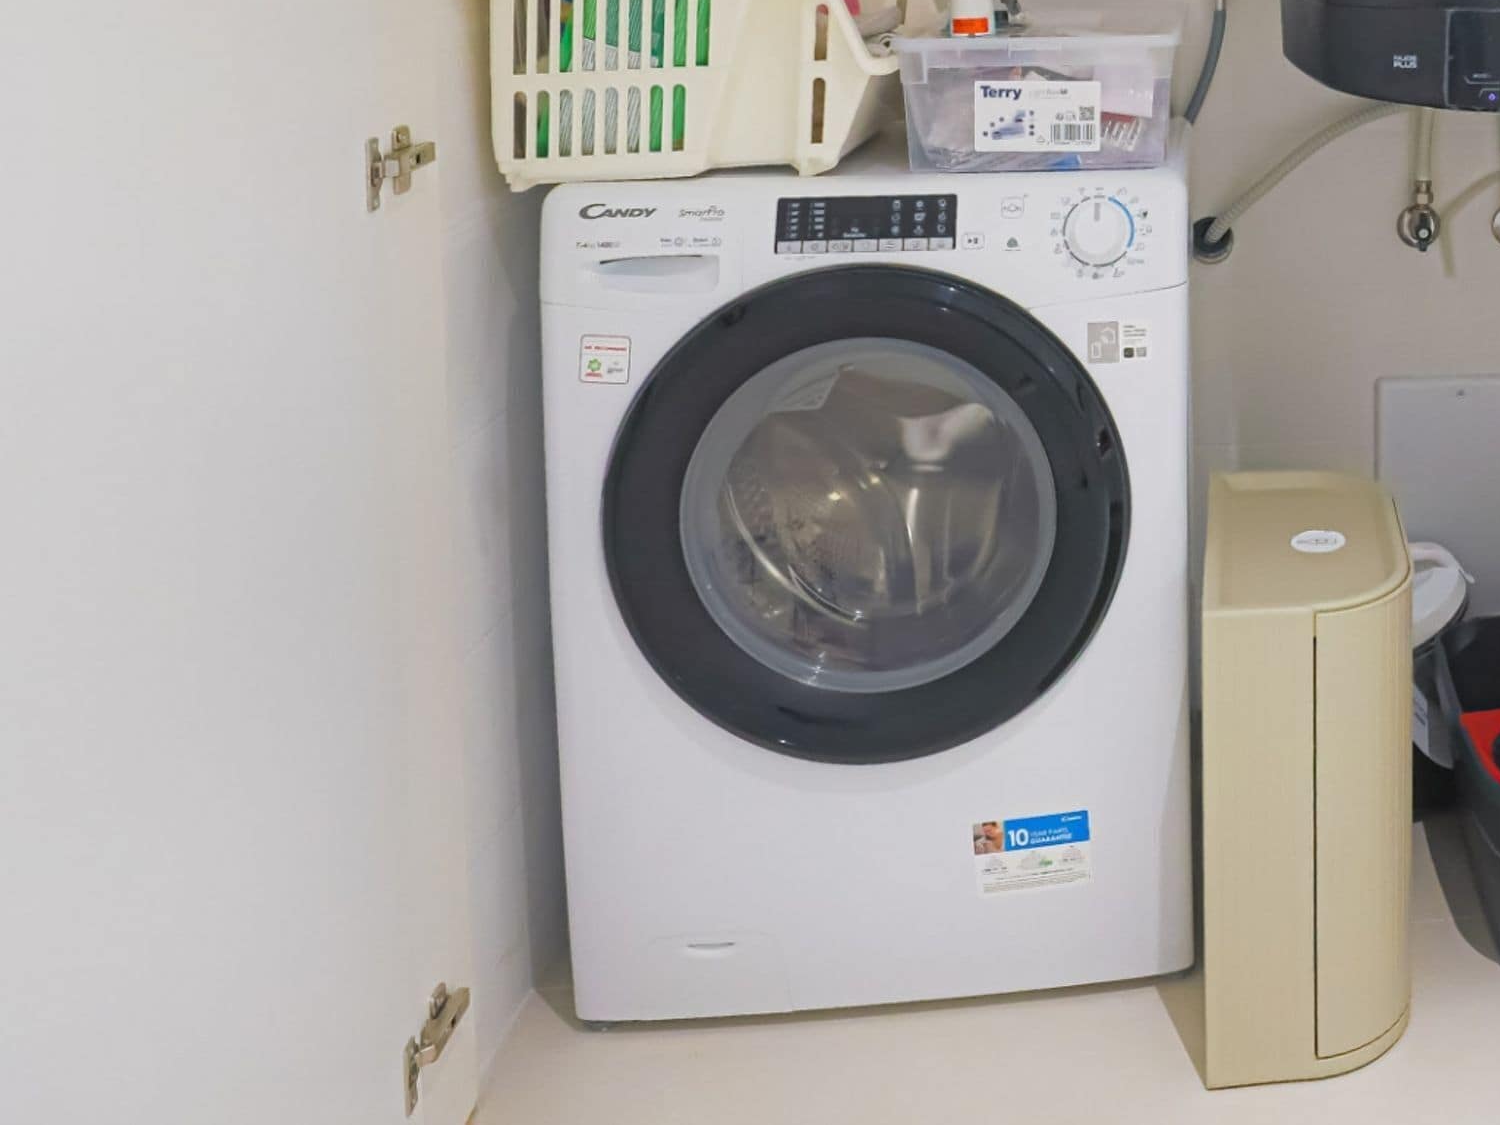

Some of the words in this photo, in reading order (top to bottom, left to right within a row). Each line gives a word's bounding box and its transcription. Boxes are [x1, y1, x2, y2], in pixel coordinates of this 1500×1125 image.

[1393, 60, 1417, 68] PLUS
[981, 85, 1022, 101] Terry
[579, 203, 656, 219] CANDY
[1008, 828, 1029, 847] 10
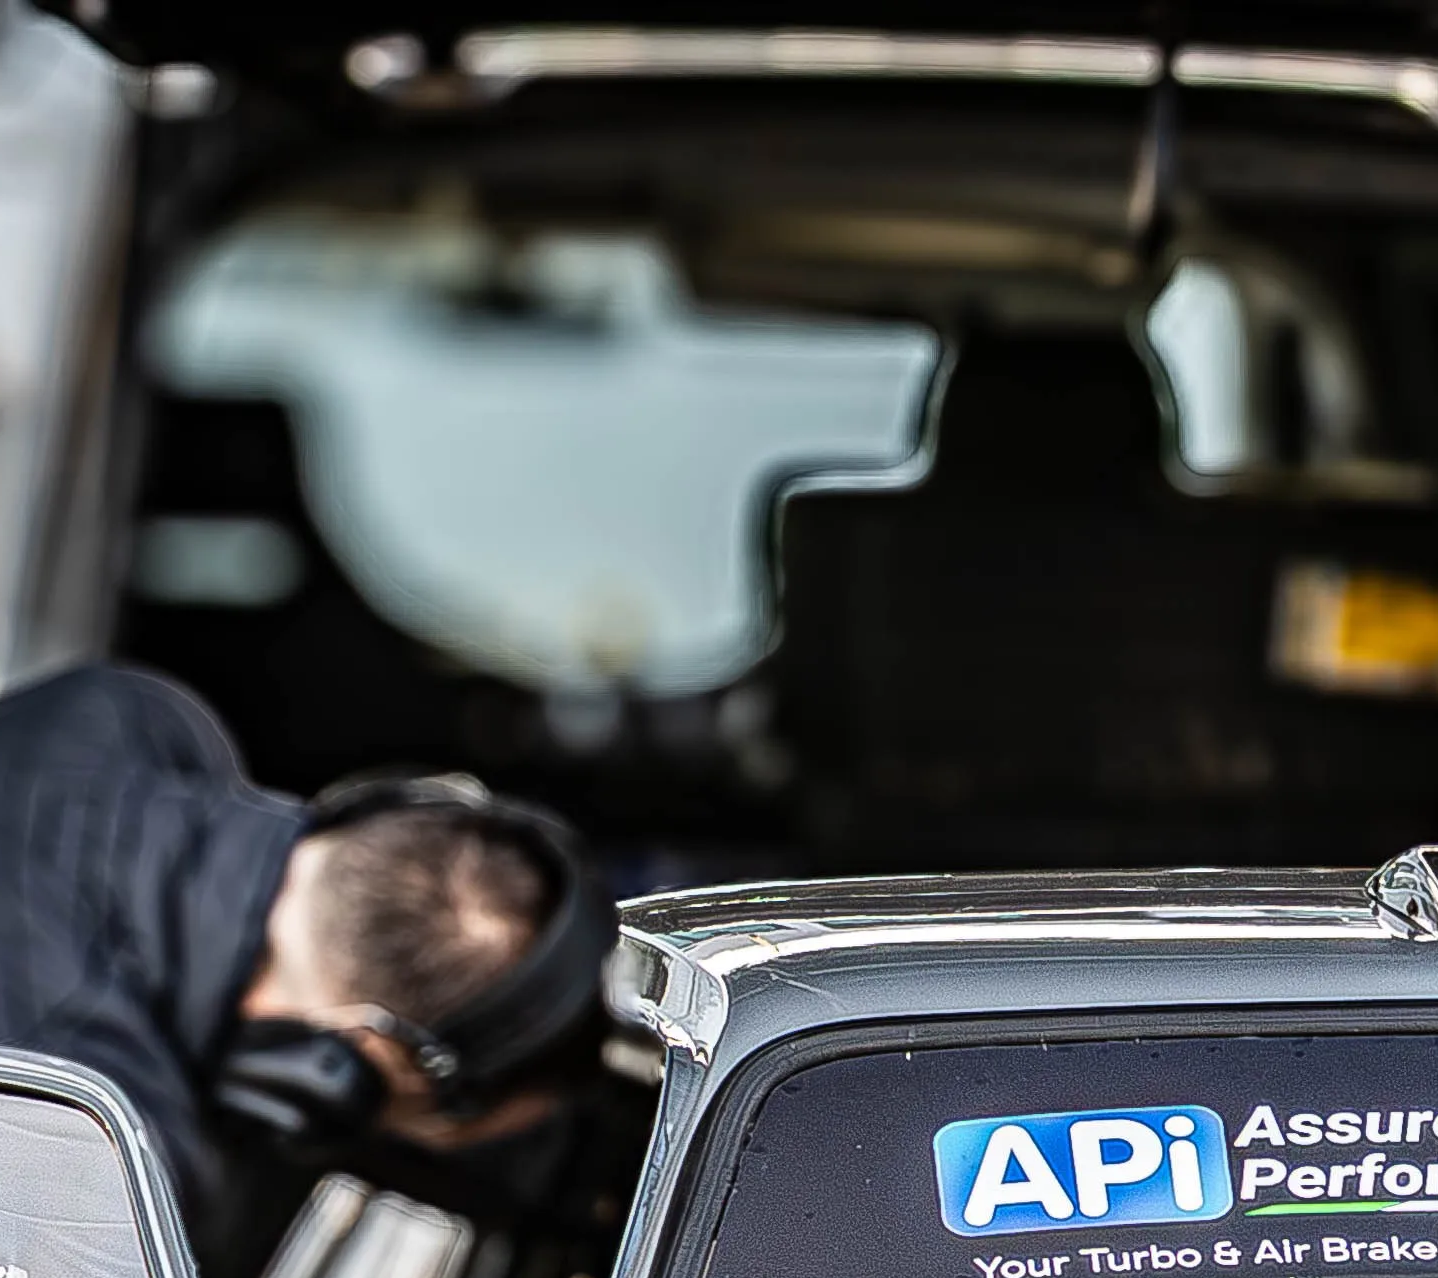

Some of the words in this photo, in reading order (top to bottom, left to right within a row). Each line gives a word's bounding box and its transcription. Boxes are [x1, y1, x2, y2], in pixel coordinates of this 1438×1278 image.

[1078, 1244, 1202, 1273] Turbo
[1213, 1240, 1242, 1266] &
[1254, 1238, 1311, 1265] Air
[1321, 1235, 1438, 1263] Brake
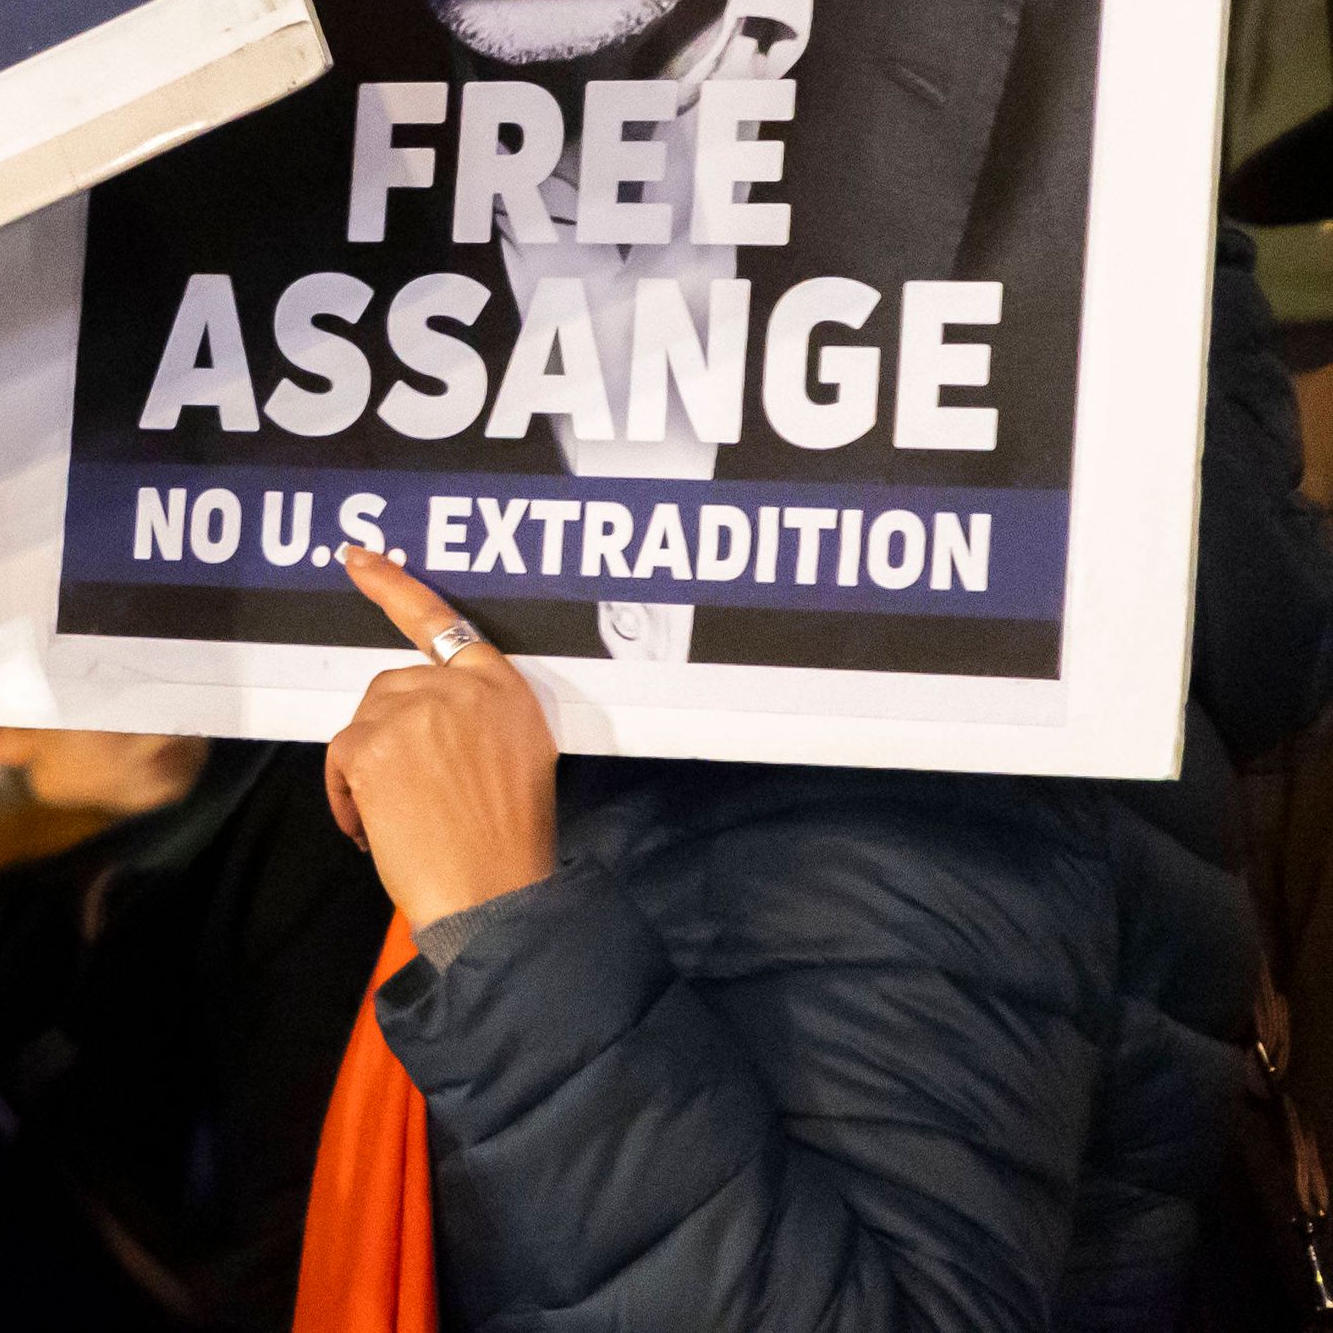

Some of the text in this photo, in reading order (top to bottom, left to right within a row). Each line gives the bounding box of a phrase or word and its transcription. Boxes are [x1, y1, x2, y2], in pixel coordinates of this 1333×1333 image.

[345, 78, 797, 246] FREE
[137, 271, 1004, 451] ASSANGE
[134, 487, 992, 592] NO U.S. EXTRADITION
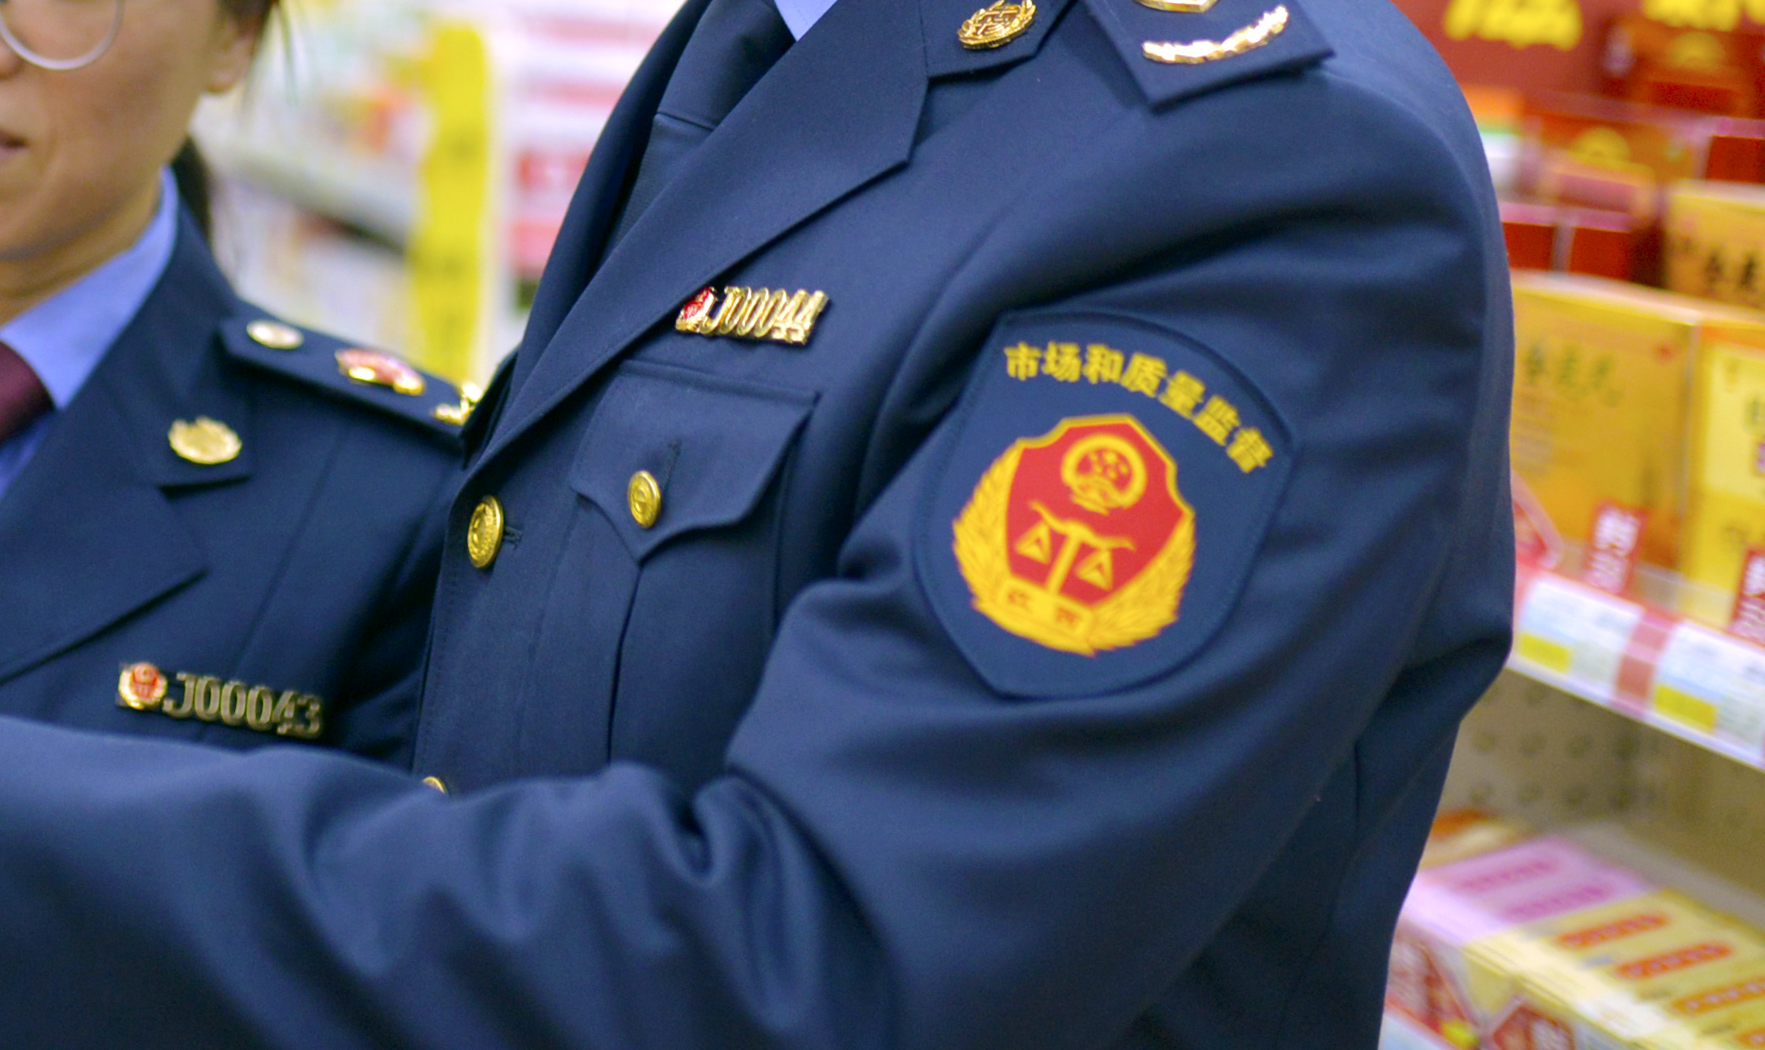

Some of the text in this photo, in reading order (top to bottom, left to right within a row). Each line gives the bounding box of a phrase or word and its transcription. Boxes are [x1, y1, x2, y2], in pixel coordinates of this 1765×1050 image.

[699, 286, 829, 344] J00044
[1004, 341, 1274, 473] 市场和质量监督
[162, 672, 321, 739] J00043

WORK ITEM: Every record above should be written out again exactly; the pictures stay out of the copy.

EXPECTED ANSWER:
Some of the words in this photo, in reading order (top to bottom, left to right within a row). Each line gives a word's bounding box and its transcription. Boxes are [x1, y1, x2, y2], in pixel coordinates of this 1500×1125 image.

[1393, 60, 1417, 68] PLUS
[981, 85, 1022, 101] Terry
[579, 203, 656, 219] CANDY
[1008, 828, 1029, 847] 10

Some of the words in this photo, in reading order (top to bottom, left to right within a row). Each line gives a word's bounding box and its transcription. Boxes are [x1, y1, x2, y2], in pixel coordinates of this 1438×1278 image.

[1078, 1244, 1202, 1273] Turbo
[1213, 1240, 1242, 1266] &
[1254, 1238, 1311, 1265] Air
[1321, 1235, 1438, 1263] Brake

Some of the text in this photo, in reading order (top to bottom, left to right within a row). Each line gives the bounding box of a phrase or word and its transcription. Boxes are [x1, y1, x2, y2], in pixel coordinates of this 1333×1333 image.

[345, 78, 797, 246] FREE
[137, 271, 1004, 451] ASSANGE
[134, 487, 992, 592] NO U.S. EXTRADITION

Some of the text in this photo, in reading order (top to bottom, left to right within a row). Each line gives the bounding box of a phrase or word and its transcription. Boxes are [x1, y1, x2, y2], in pixel coordinates of this 1765×1050 image.

[699, 286, 829, 344] J00044
[1004, 341, 1274, 473] 市场和质量监督
[162, 672, 321, 739] J00043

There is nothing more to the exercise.